The global recession in the auto industry is about to get much, much worse.
In fact, we could easily make the argument that the coronavirus outbreak in China has pushed the Chinese market from recession into complete and total obliteration. Initial data coming out of China for the first half of February shows that car sales have dropped to nearly non-existent, plunging an astounding 92%.
China recorded 4,909 units sold in the first 16 days of the month, which is down from 59,930 in the same period last year, according to Bloomberg. If this figure doesn't make it clear that the pandemic is having an effect outside of Hubei province in China, we're not sure what will do it.
The China Passenger Car Association said: “Very few dealerships opened in the first weeks of February and they have had very little customer traffic.”

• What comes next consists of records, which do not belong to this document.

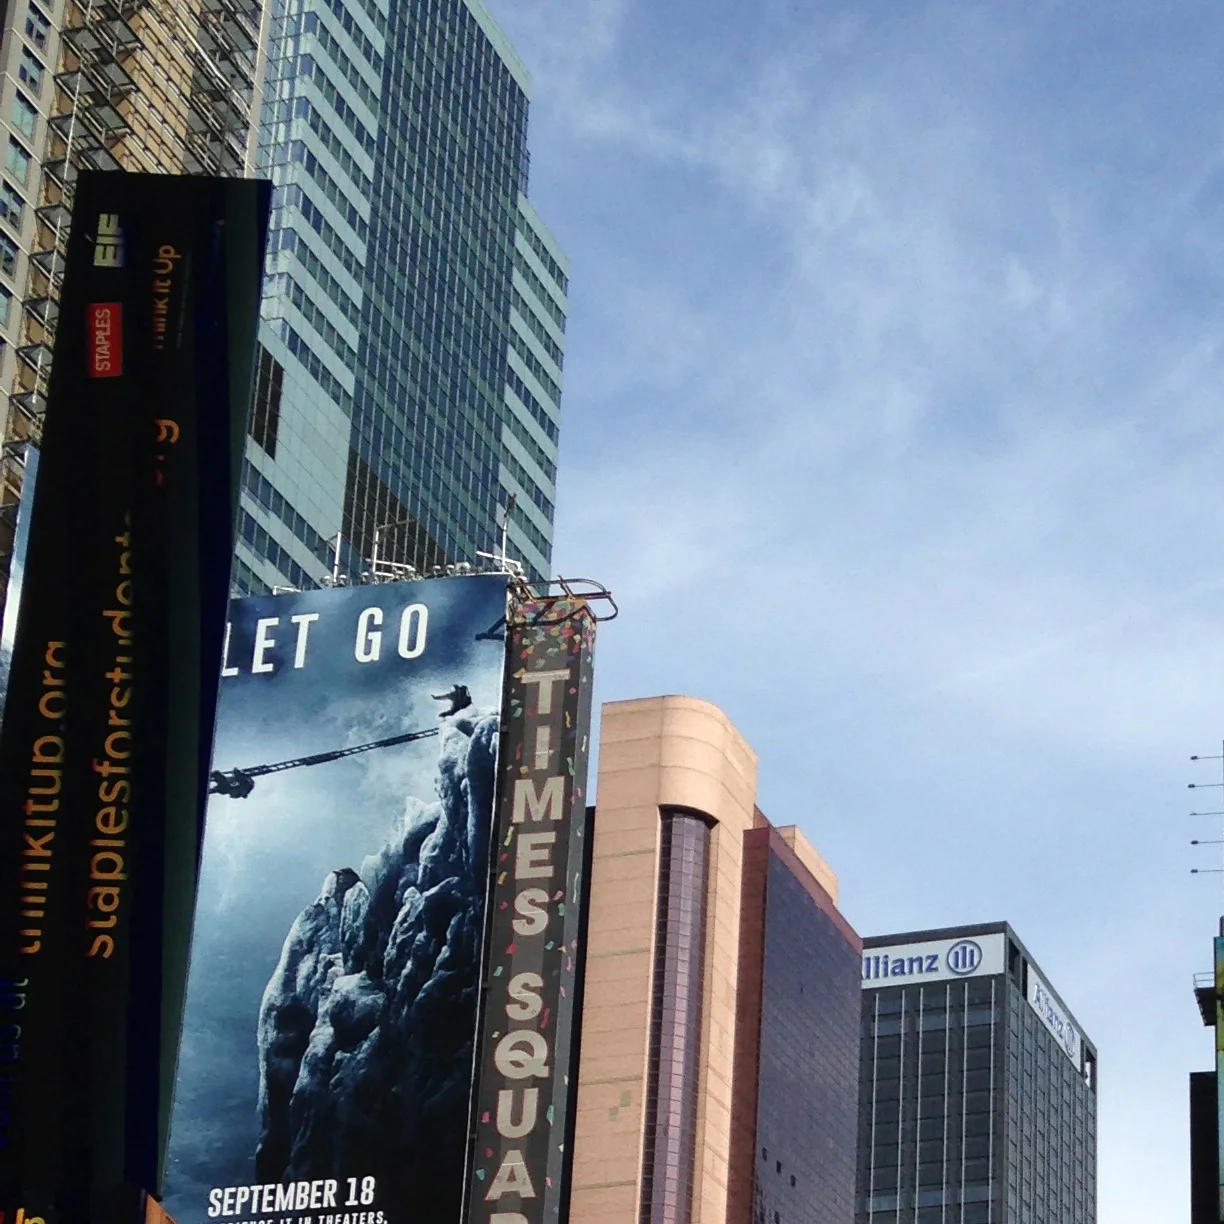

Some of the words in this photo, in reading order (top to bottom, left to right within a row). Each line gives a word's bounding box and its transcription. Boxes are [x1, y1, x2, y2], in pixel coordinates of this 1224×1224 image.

[95, 308, 111, 371] STAPLES
[221, 613, 320, 677] LET
[354, 603, 429, 663] GO
[511, 669, 571, 936] TIMES
[862, 954, 939, 980] llianz
[208, 1178, 337, 1218] SEPTEMBER
[344, 1175, 376, 1207] 18

CPCA Secretary General Cui Dongshu said in his report: "There was barely anybody at car dealers in the first week of February as most people stayed at home."
Estimates are now calling for a slide of more than 10% for China's auto market in the first half of the year due to the virus and estimates of a 5% drop for the full year. This, of course, is still going to be predicated on whether or not the virus is eventually contained. Judging by the numbers out of South Korea last night, that could be a ways off.

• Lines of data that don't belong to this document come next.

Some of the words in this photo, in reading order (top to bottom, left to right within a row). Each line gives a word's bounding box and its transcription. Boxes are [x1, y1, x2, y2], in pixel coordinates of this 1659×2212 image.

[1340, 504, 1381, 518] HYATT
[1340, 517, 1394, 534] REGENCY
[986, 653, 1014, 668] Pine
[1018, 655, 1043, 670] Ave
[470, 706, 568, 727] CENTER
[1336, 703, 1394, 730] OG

Recall, we reported a couple days ago that the Chinese government was starting to encourage cities to offer subsidies to try and spur more auto sales. The subsidies come after President Xi Jinping urged local officials to help boost auto sales.
The Chinese city of Foshan was the first in what we guess is going to be a long line of cities to start subsidizing car purchases. Consumers who trade in old models are going to be given 3,000 yuan (about $430 USD) of subsidies. Buyers of new vehicles without trade-ins are entitled to 2,000 yuan.
It appears that is a plan that is not working out.
Recall, we wrote about a week ago that auto sales in China had already been crushed in January, declining 20.2% on a year over year basis, according to the government-backed China Association of Automobile Manufacturers. The country sold 1.94 million vehicles in January, according to the CAAM.
Zero Hedge readers should not be surprised by the February numbers. We also noted that while the January decline was attributable to the coronavirus outbreak, it wasn't until the end of January and early February when China was placed essentially on a full lockdown due to the outbreak of the virus.
This looks like it is going to be the case. The only question now is how many more quarters, past Q1, will the havoc continue?